Thursday, 2 September 2010

Tall and Proud

I stumbled across an article on the Daily Fail website today, written by a tall woman offering 'support' to Malia Obama, who has recently shot up and is almost as tall as her 5'11" mother Michelle. The article is supposed to offer words of wisdom to her to guide her through her teenage years but somehow the author confused the words 'support' and 'discourage'.

I was a tall teen. I pretty much stopped growing when I was 14 - I think I maybe grew an inch between then and turning 18/19. I'm now 5'11" and proud of it.

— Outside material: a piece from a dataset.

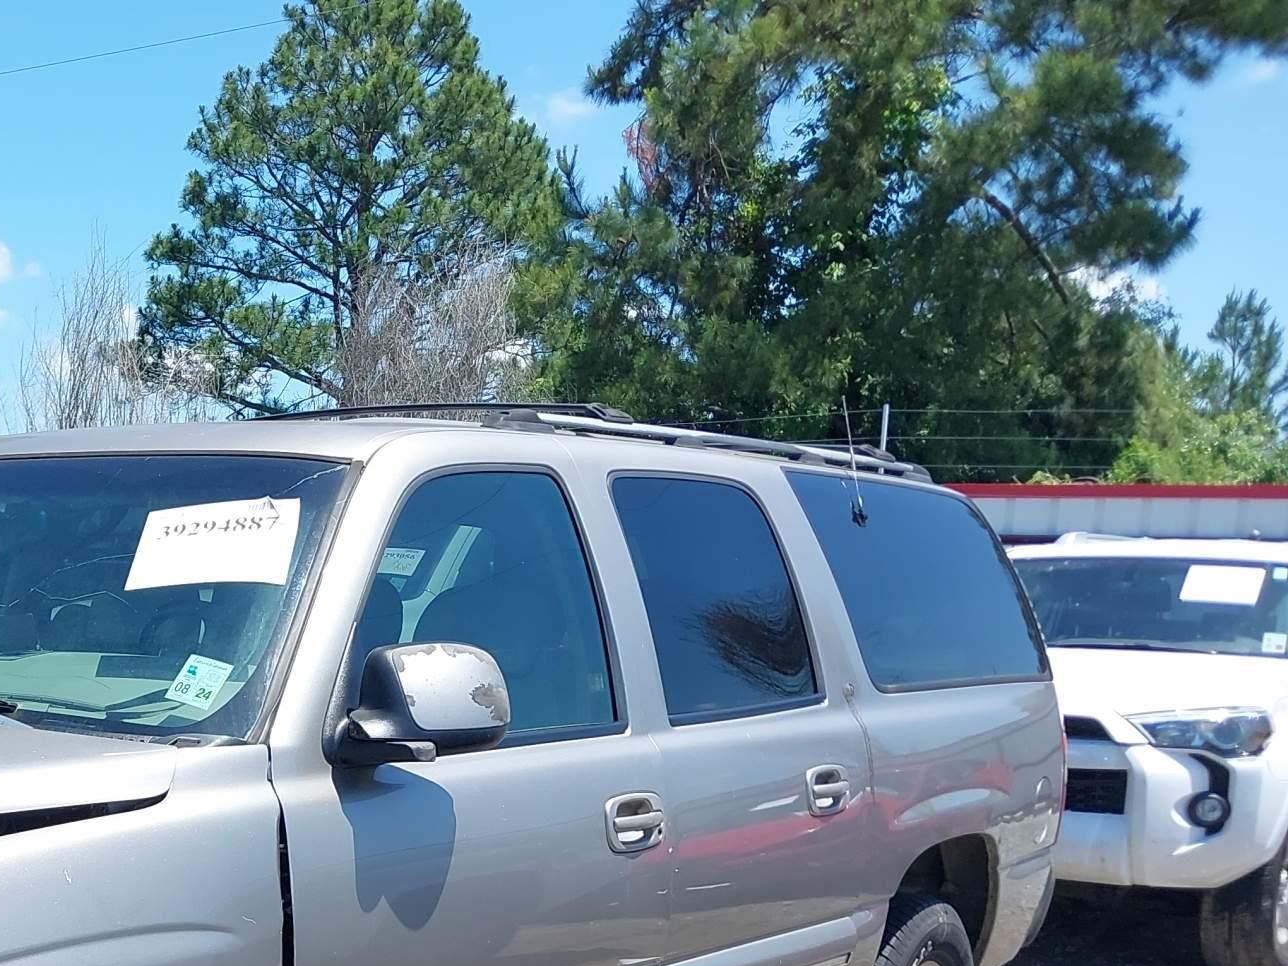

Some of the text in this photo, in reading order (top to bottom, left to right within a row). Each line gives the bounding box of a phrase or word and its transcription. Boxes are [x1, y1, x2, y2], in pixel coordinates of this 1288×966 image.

[158, 514, 281, 541] 39294887
[174, 681, 213, 701] 08 24
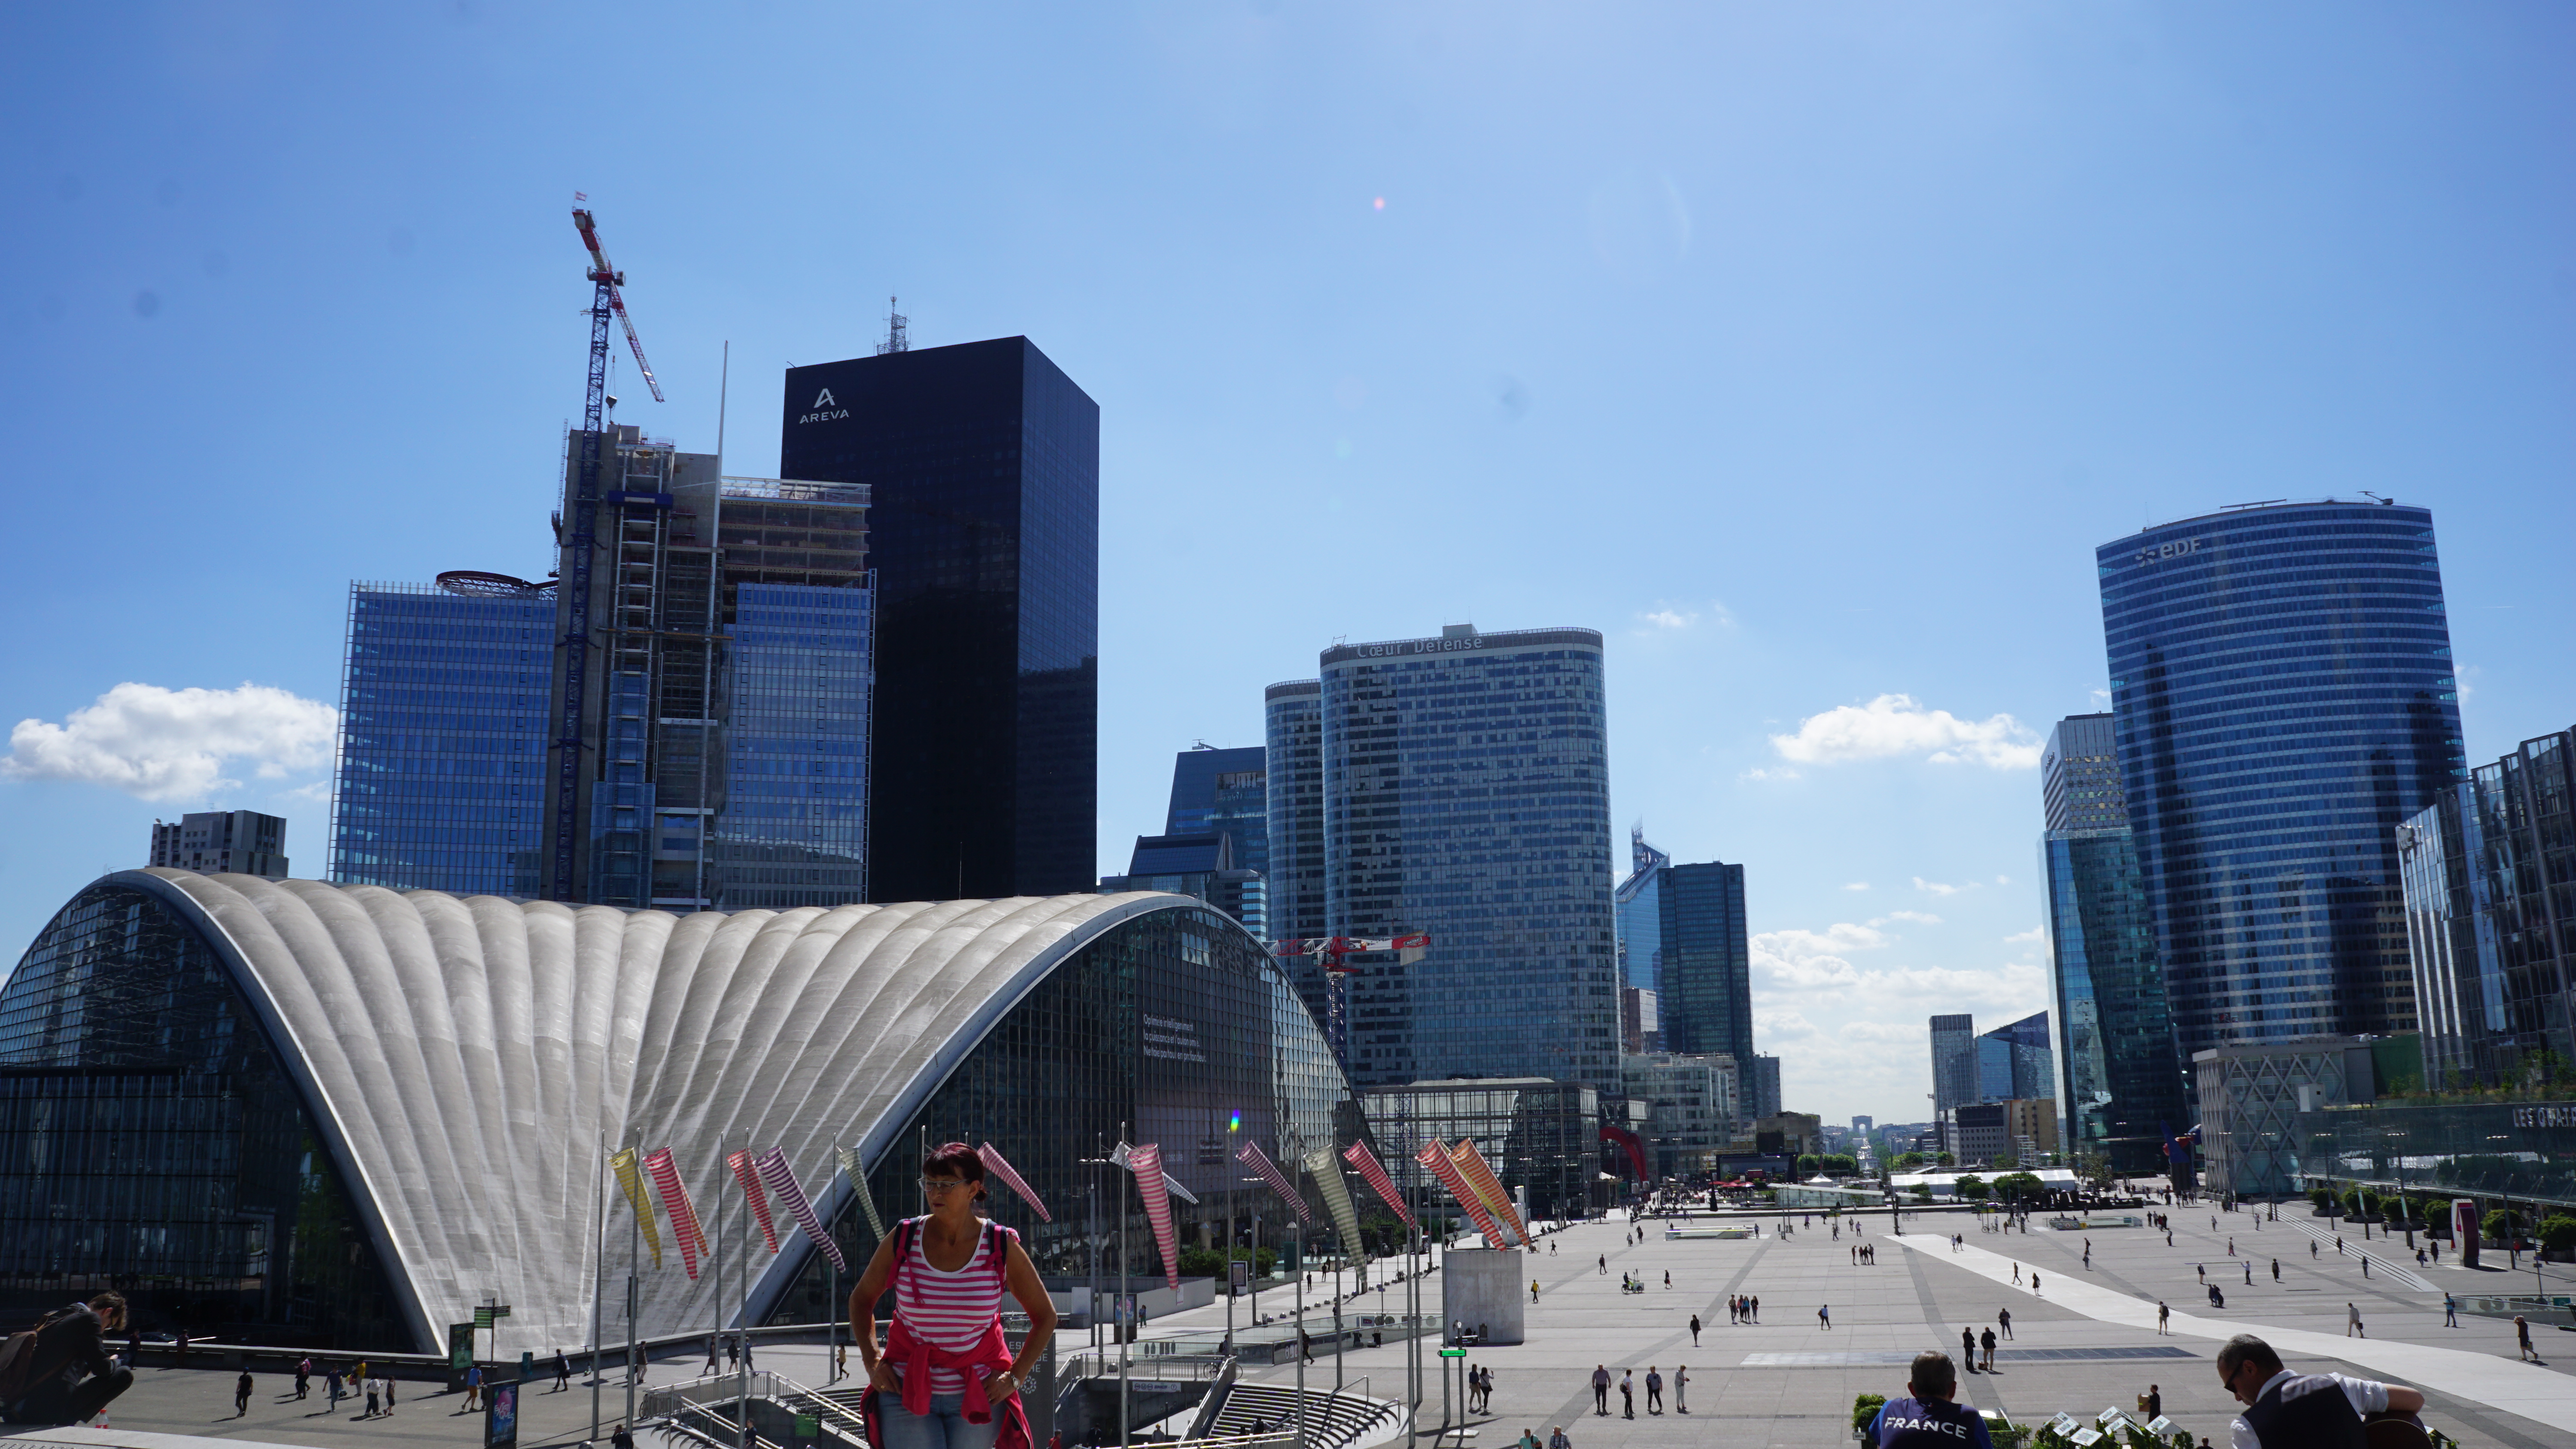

Being a teenager in the 90s at my height was tricky... shops like Long Tall Sally were virtually non existent back then (I remember being given my first Long Tall Sally catalogue by a similarly tall friend in 1998 and almost crying with relief!), and trying to find shoes for my proportionally large feet (size 9) was a nightmare.
But somehow I never let it get me down. I was a head and shoulders over practically everyone in my school at one point! I will never forget being lined up in height order for our whole school photo aged 14... guess what? I'm in the MIDDLE of the photo.

I have never slouched, never been ashamed of my height. Frustrated yes. Ashamed, never. When I went to see an orthopedic consultant about my hypermobility (yay, tall and super bendy!) and he was very impressed by my posture, which, thanks to years of my mother telling me to "stand up straight, shoulders back" is apparently very good for someone my height.

If I experience problems because of my height, like banging my head on the ceiling of a pub, or not fitting in an airline seat comfortably because my legs are too long - then its because the world is wrong, not because I am.
The boys at school used to call me bean pole. I told them to be more original. A friend starting calling me Elon (as in elongated) which I thought was cool, at least it was different.

I personally don't think it matters whether you are tall, short, fat, thin, clever, whatever, when you're a teenager there is always something that someone else will pick out and try to make fun of. The trick is to hold your head up high and be proud of who you are.